O sindicato propõe ainda que será de responsabilidade da empresa efetuar o registro e o controle do horário de trabalho, bem como dos intervalos, de forma a garantir o pagamento das horas-extras realizadas ou sua compensação para os profissionais da imprensa.

Já os bancários estão adicionando na Campanha Salarial Nacional uma minuta para regular o teletrabalho, que não pode ser imposto pelo banco e que os custos sejam arcados pelo empregador.

“A cláusula também proíbe que sejam retirados direitos dos trabalhadores que cumprirem suas funções em suas casas, à exceção do vale-transporte/ combustível, que deve ser fornecido com valor proporcional aos dias de comparecimento do trabalhador no banco”, diz trecho da proposta.

 

Queda da MP 927 foi vitória dos trabalhadores

A MP chegou a ser aprovada pela Câmara dos Deputados, mesmo com discordância dos parlamentares progressistas, da CUT e demais centrais.
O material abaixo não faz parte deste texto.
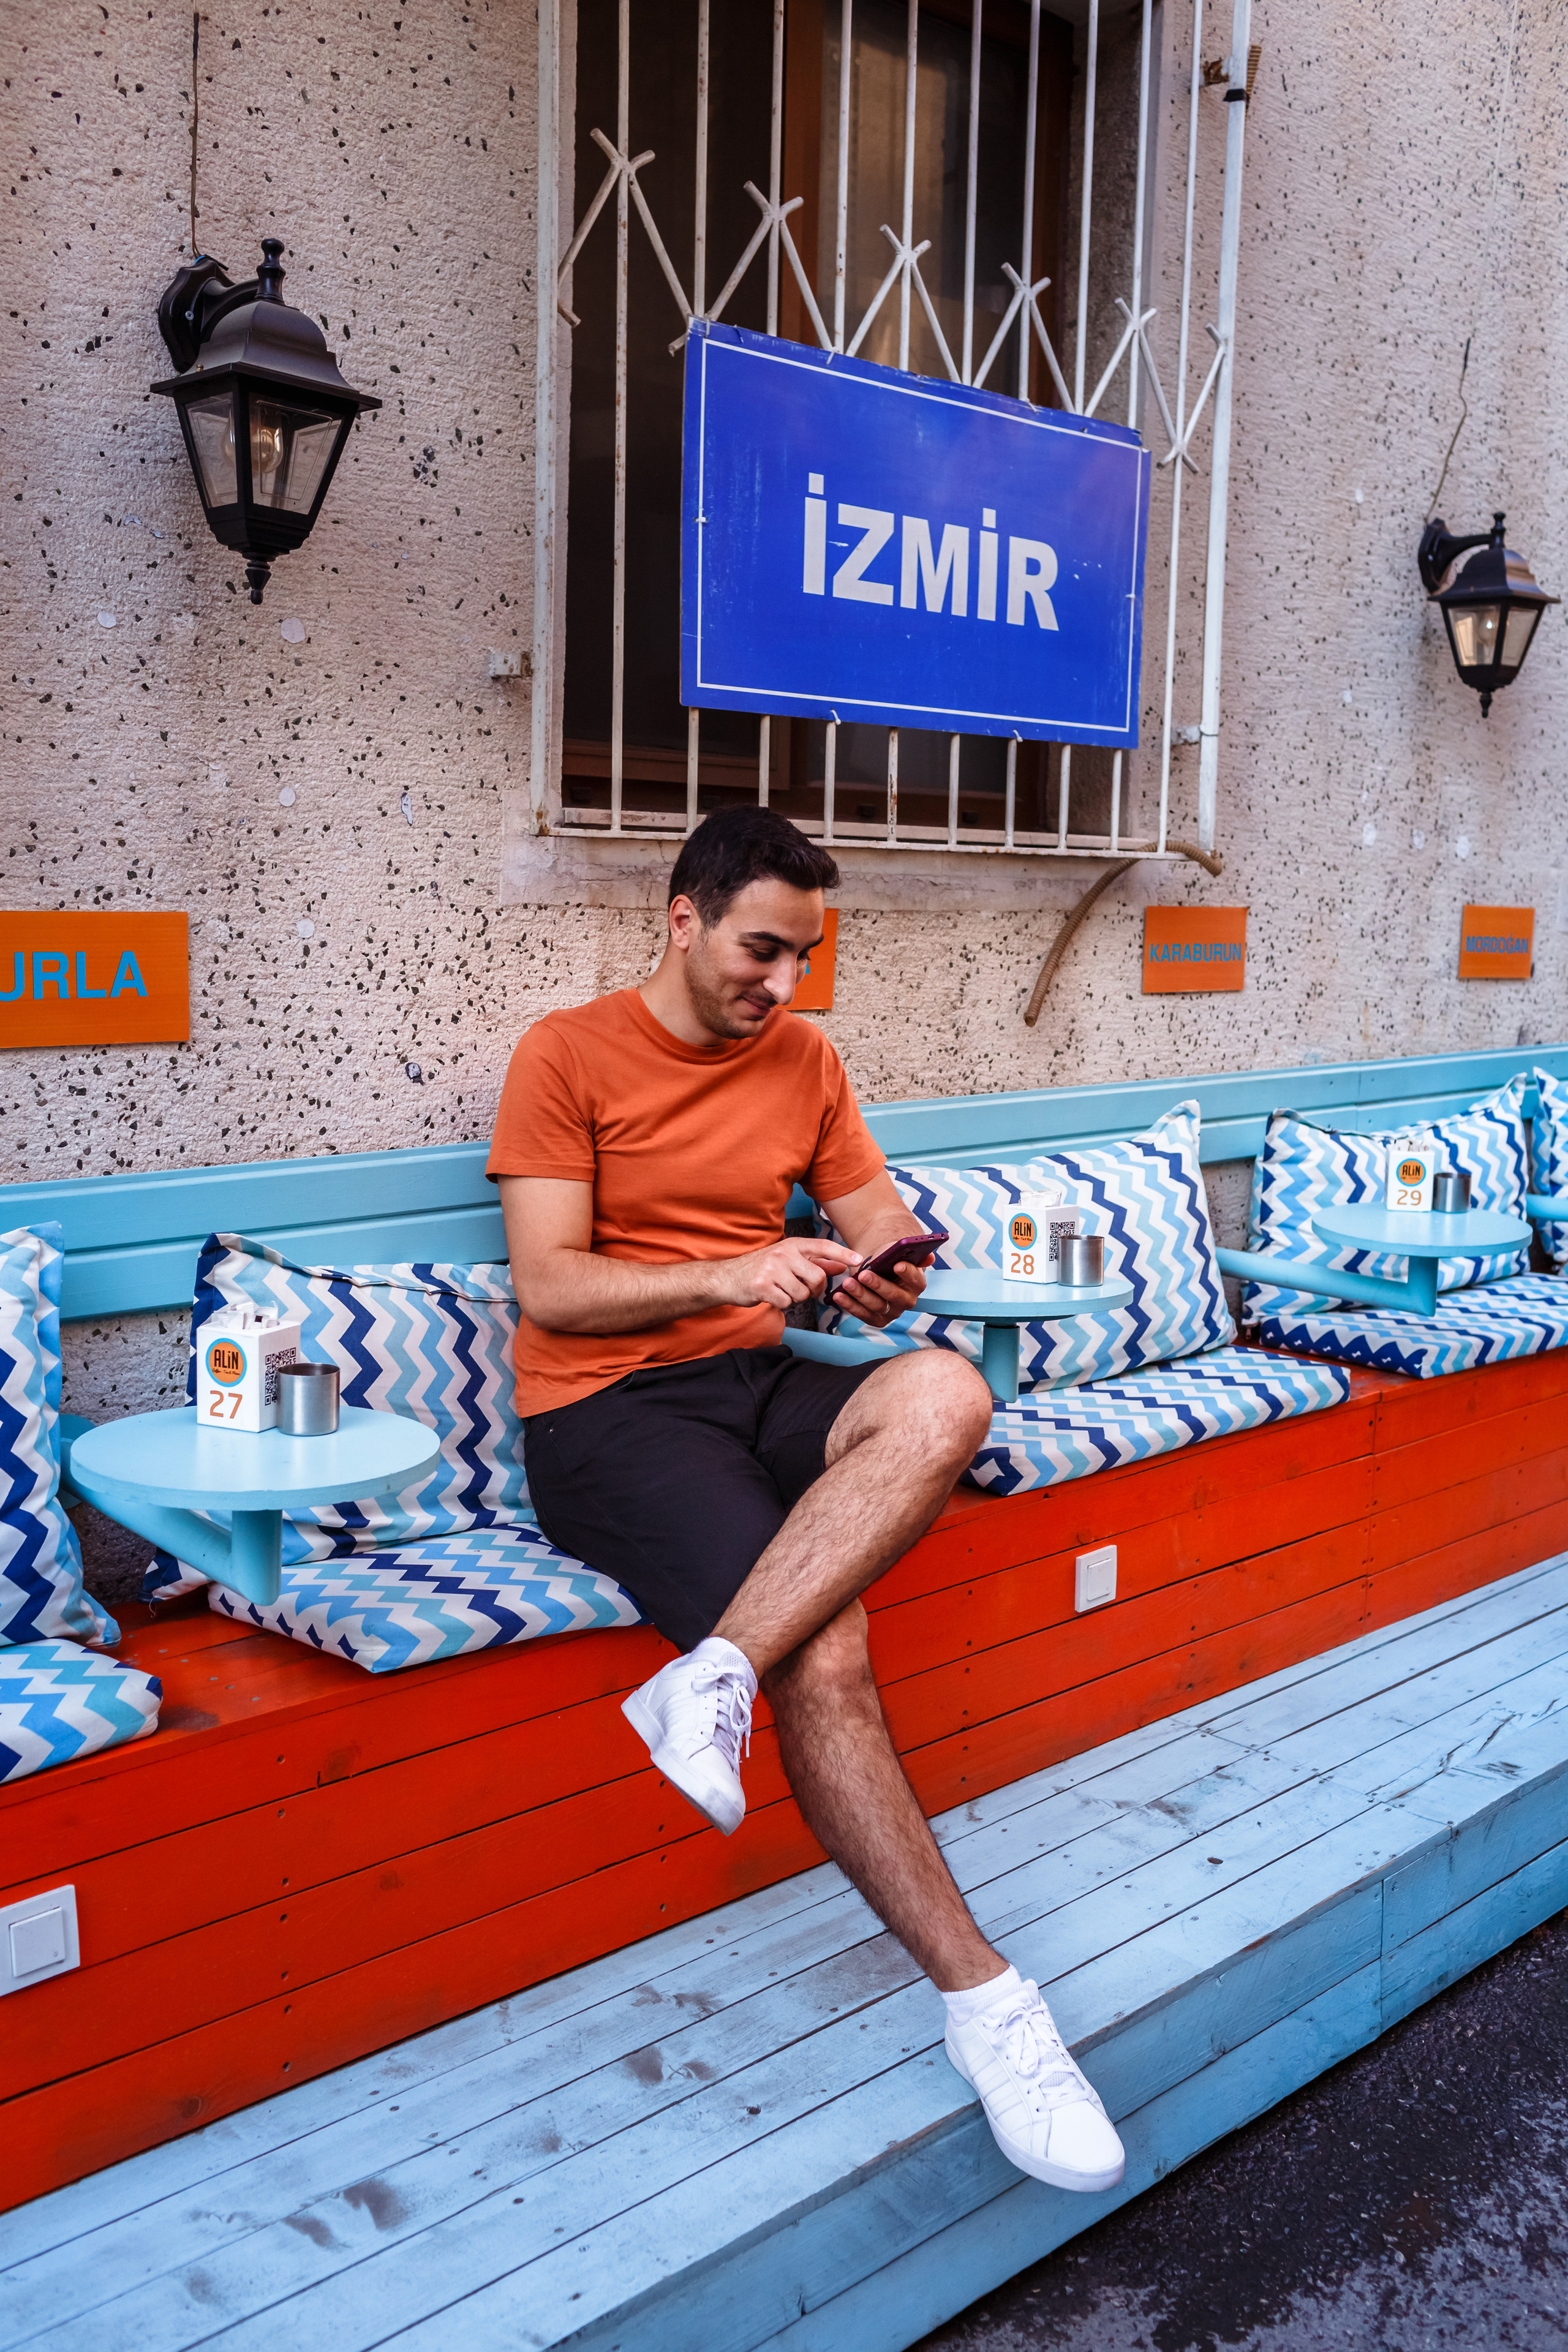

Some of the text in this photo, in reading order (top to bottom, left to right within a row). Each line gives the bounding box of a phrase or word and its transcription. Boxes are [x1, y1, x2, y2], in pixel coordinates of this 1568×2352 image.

[803, 472, 1059, 631] İZMİR
[1150, 943, 1241, 962] KARABURUN
[0, 951, 148, 1001] URLA
[1397, 1189, 1422, 1205] 29
[1011, 1253, 1035, 1275] 28
[209, 1390, 243, 1419] 27
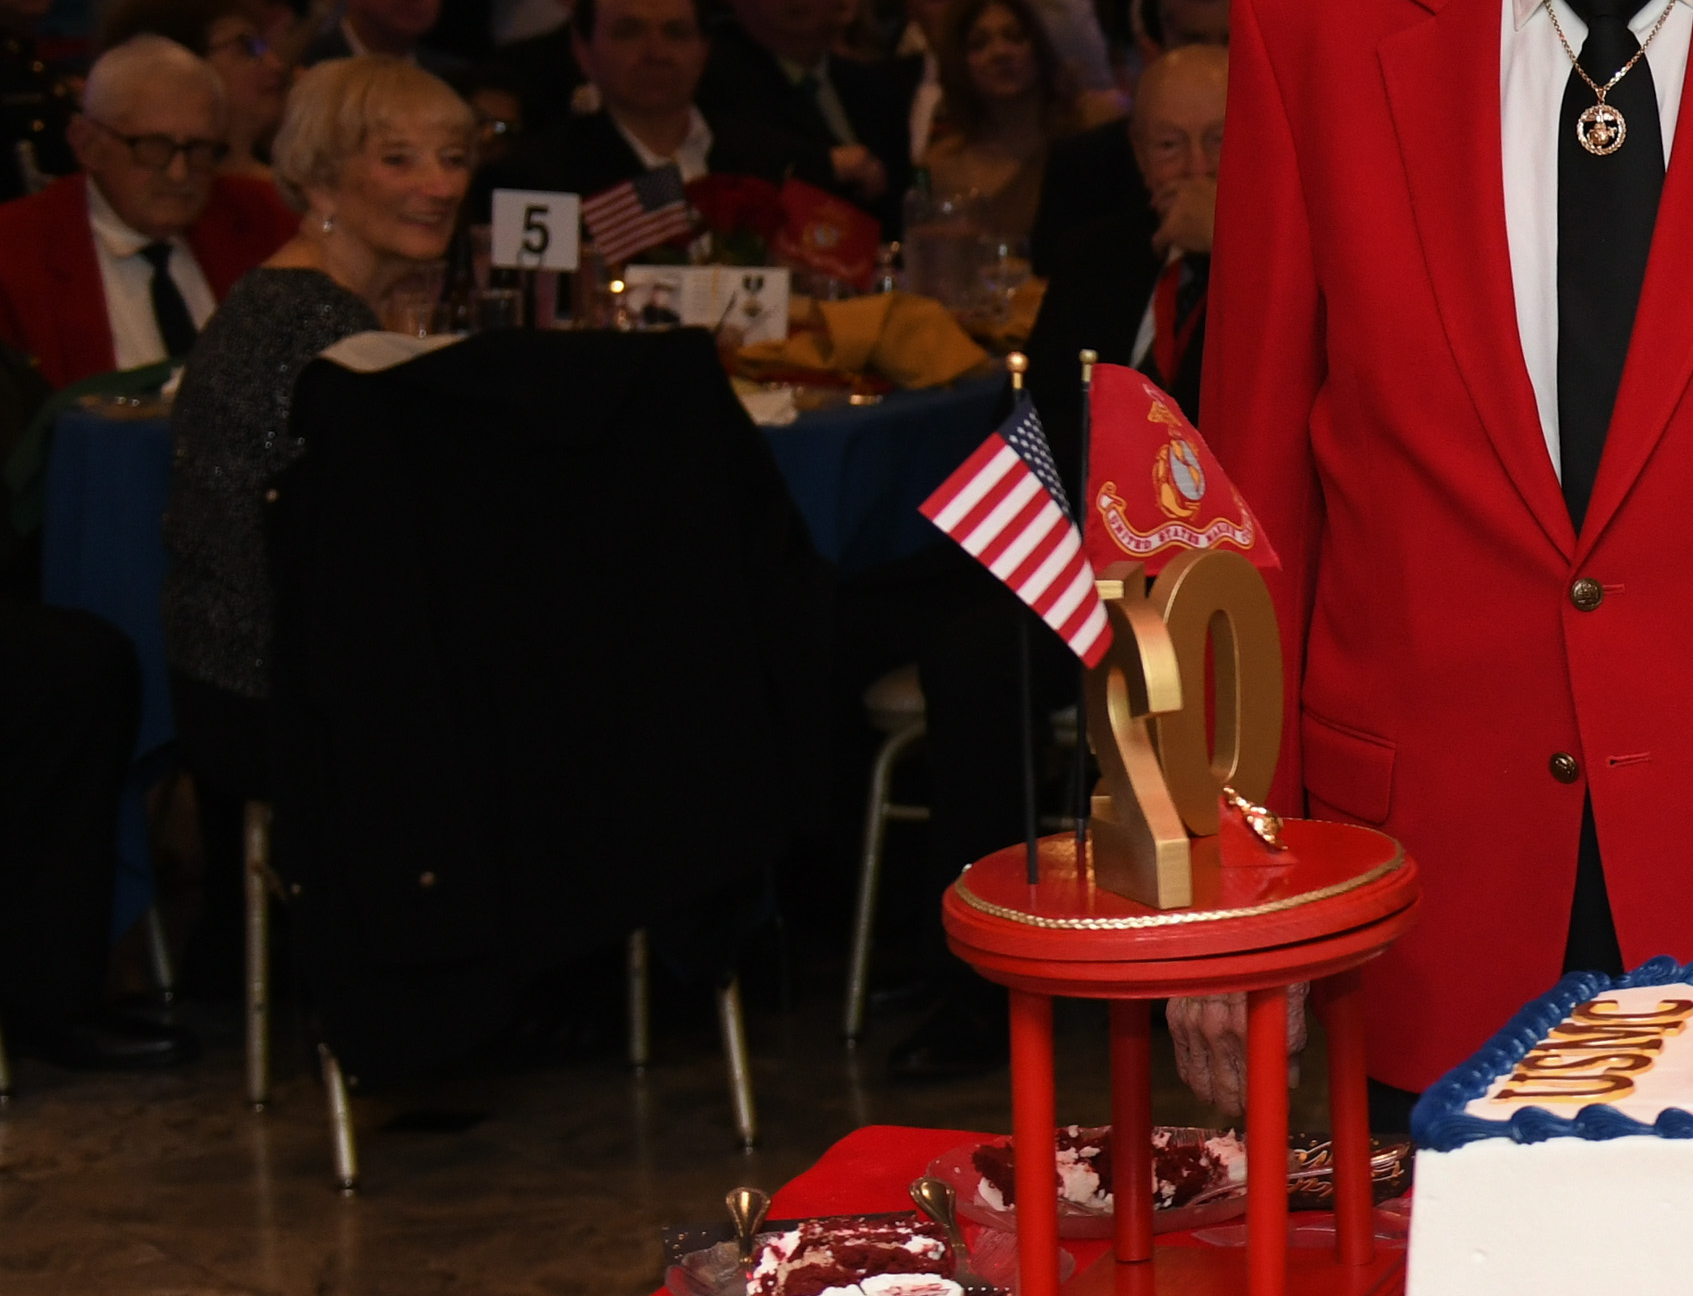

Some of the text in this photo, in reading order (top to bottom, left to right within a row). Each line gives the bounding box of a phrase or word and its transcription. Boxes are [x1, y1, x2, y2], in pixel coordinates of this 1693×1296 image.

Por pressão da classe trabalhadora a medida não teve consenso no Senado, onde recebeu mais de mil emendas, o que foi determinante para que ela caducasse e perdesse a validade.

Para a CUT foi uma vitória da classe trabalhadora porque a medida assegurava que patrão e trabalhador celebrassem acordo individual abrindo mão de direitos, sem a participação de sindicatos, com a desculpa da necessidade de manter empregos durante a pandemia do coronavírus (Covid-19).  Mas isto não aconteceu. De janeiro a maio, foram fechados 446 mil postos de trabalho com carteira assinada, segundo levantamento do Dieese, com base no Cadastro Geral de Empregados e Desempregados (Caged).

 

Saiba o que mudou com o fim da validade da MP 927

Home office / teletrabalho

O empregador não pode determinar a mudança do regime presencial para o teletrabalho, precisa ser acordado entre as duas partes: empregador e trabalhador. Aprendizes e estagiários não podem mais atuar no regime de trabalho remoto. O tempo trabalhado pelo funcionário em regime remoto, além da jornada normal de trabalho, será considerada hora extra, e deverá ocorrer o seu pagamento.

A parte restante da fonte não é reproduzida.